Foi assim com José do Egito. Com medo de sua importância junto ao velho pai, seus irmãos sequestraram-no e entregaram-no aos egípcios. Não é anormal os noticiários trazerem à tona que este acontecimento continua sendo uma artimanha dos covardes.

Sequestraram Nossa Senhora de Fátima. Sim, a mulher pobre de Nazaré, a primeira discípula de Jesus, esposa de José.

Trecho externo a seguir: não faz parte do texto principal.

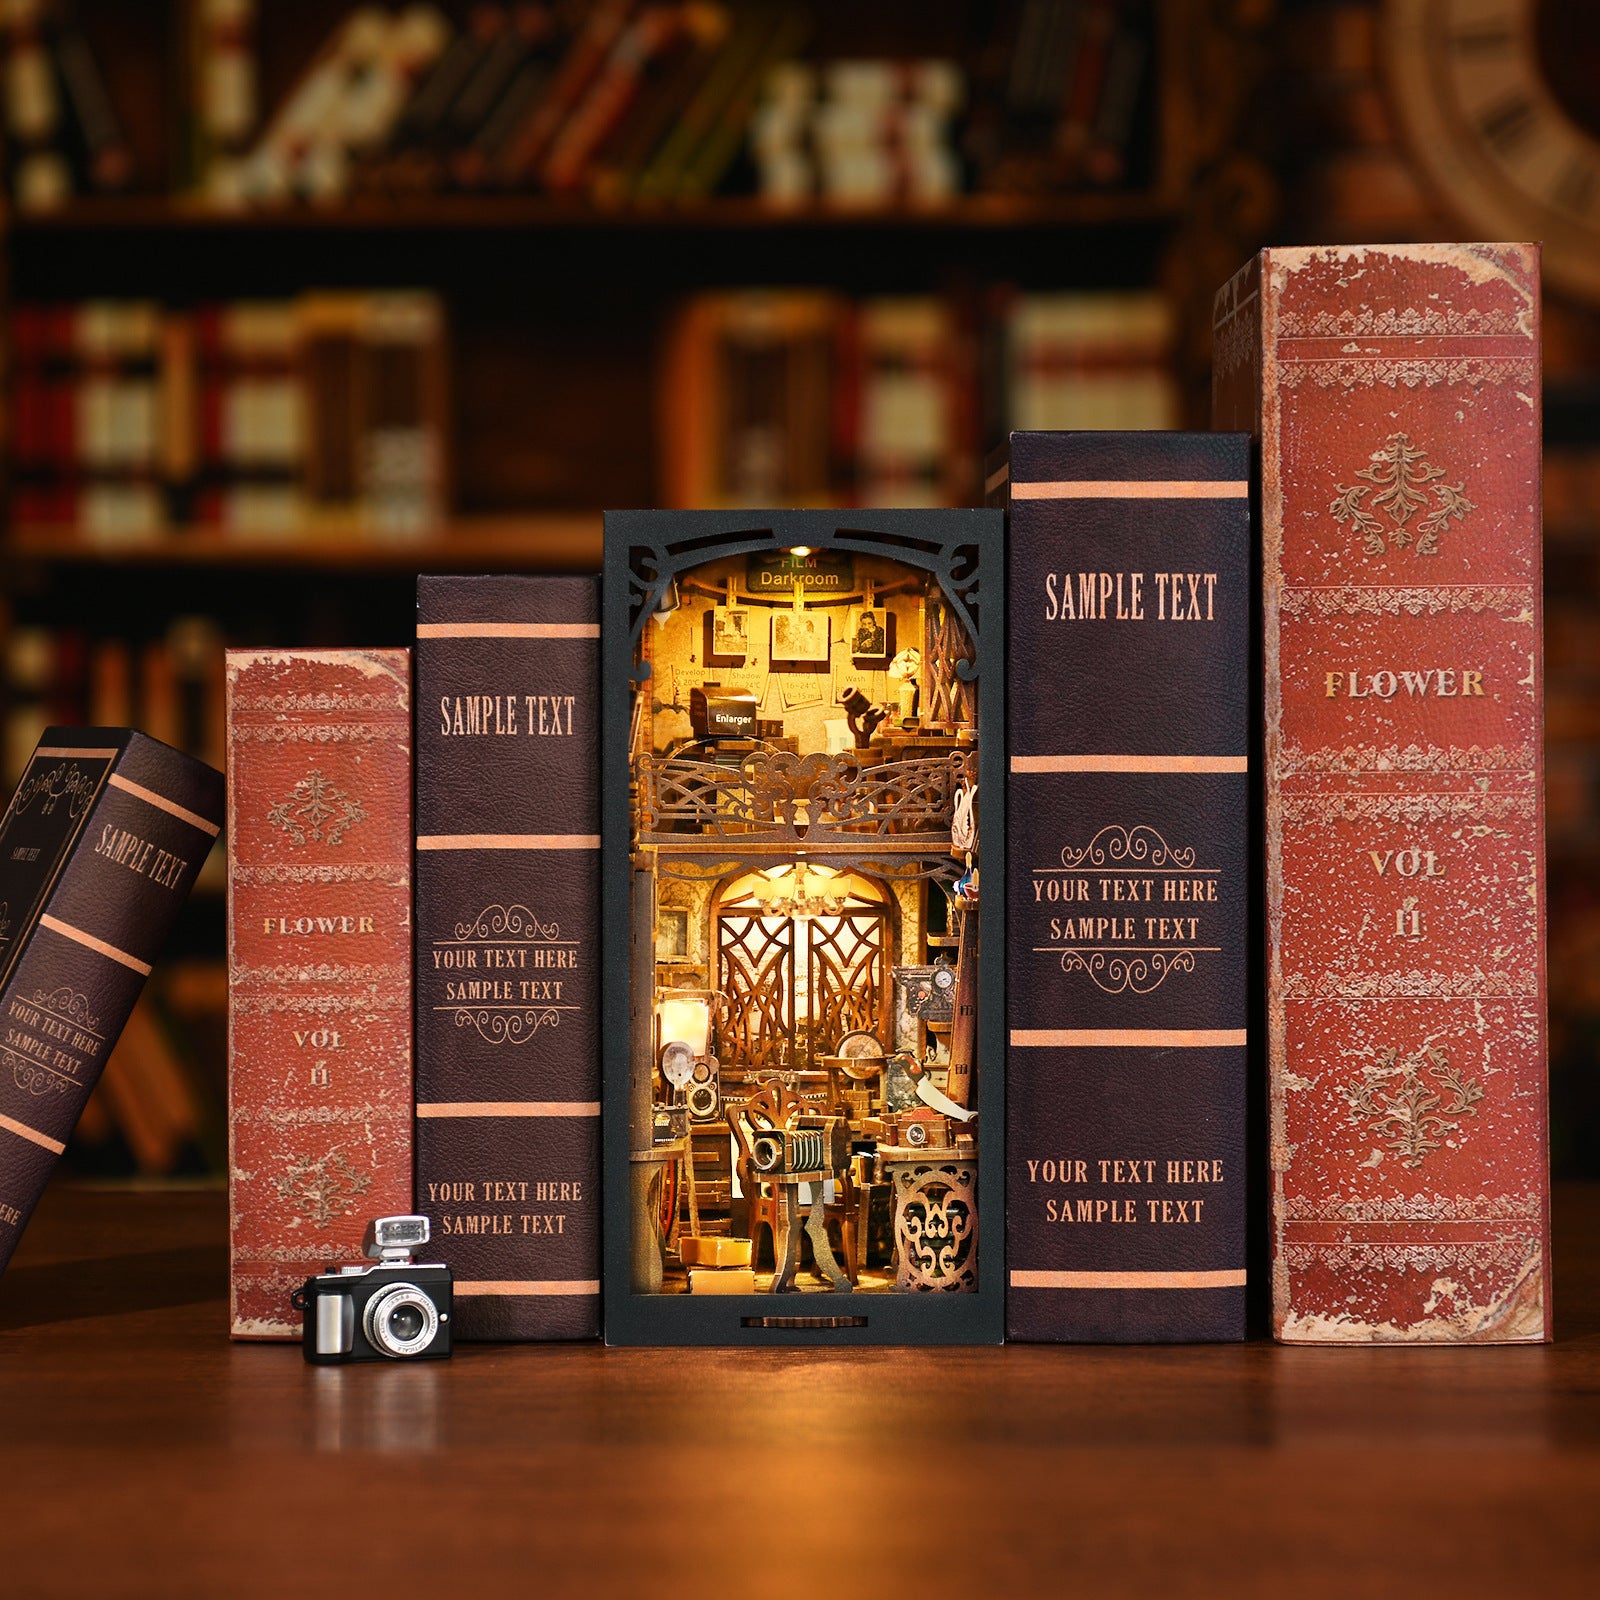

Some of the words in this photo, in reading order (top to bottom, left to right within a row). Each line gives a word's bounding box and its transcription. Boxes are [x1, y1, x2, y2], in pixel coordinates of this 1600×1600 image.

[781, 558, 817, 568] FILM
[761, 572, 839, 585] Darkroom
[1046, 573, 1143, 620] SAMPLE
[1154, 573, 1217, 620] TEXT
[675, 668, 706, 677] Develop
[1325, 670, 1486, 698] FLOWER
[441, 696, 518, 736] SAMPLE
[525, 696, 575, 736] TEXT
[715, 714, 752, 725] Enlarger
[95, 823, 154, 873] SAMPLE
[148, 849, 188, 890] TEXT
[1369, 850, 1446, 877] VOL
[1032, 879, 1090, 902] YOUR
[1099, 879, 1154, 901] TEXT
[1163, 879, 1218, 902] HERE
[262, 915, 375, 935] FLOWER
[1050, 918, 1136, 940] SAMPLE
[1145, 918, 1200, 940] TEXT
[1395, 909, 1421, 936] II
[432, 950, 477, 969] YOUR
[484, 949, 527, 968] TEXT
[534, 950, 578, 968] HERE
[446, 981, 513, 1000] SAMPLE
[519, 981, 563, 1000] TEXT
[8, 1001, 40, 1027] YOUR
[41, 1017, 72, 1042] TEXT
[71, 1032, 101, 1056] HERE
[292, 1030, 346, 1048] VOL
[6, 1028, 52, 1060] SAMPLE
[53, 1050, 82, 1074] TEXT
[310, 1068, 328, 1086] II
[1027, 1160, 1088, 1183] YOUR
[1098, 1160, 1157, 1183] TEXT
[1166, 1160, 1224, 1183] HERE
[428, 1182, 475, 1202] YOUR
[482, 1182, 529, 1201] TEXT
[536, 1182, 582, 1201] HERE
[0, 1203, 21, 1226] ERE
[1046, 1200, 1137, 1223] SAMPLE
[1147, 1200, 1204, 1223] TEXT
[442, 1215, 513, 1235] SAMPLE
[520, 1215, 566, 1234] TEXT

A Virgem apareceu a três pobres crianças, na Cova da Iria, interior de Portugal, quando pastoreavam um rebanho de ovelhas. Foram cinco aparições, com uma bela mensagem: penitência e oração. Penitência é o arrependimento por uma ação má. Oração é manter-se na intimidade de Deus, que é o Sumo Bem. Os dois pedidos de Maria completam-se, não se excluem. Para libertar o coração inclinado ao mal, é necessário uma força maior, e essa força só pode vir de Deus, pela experiência da oração e a vivência da Palavra.

Grupos de católicos tradicionalistas, sequestraram a Virgem pobrezinha. Em nome do tradicionalismo e não da sã Tradição, colocam palavras na boca da Senhora. Fazem com que ela diga o que nunca disse na vida diária de Nazaré. Dizem, em nome dela, sobre o perigo do comunismo, da necessária comunhão diária, da reza do Rosário, da confissão frequente.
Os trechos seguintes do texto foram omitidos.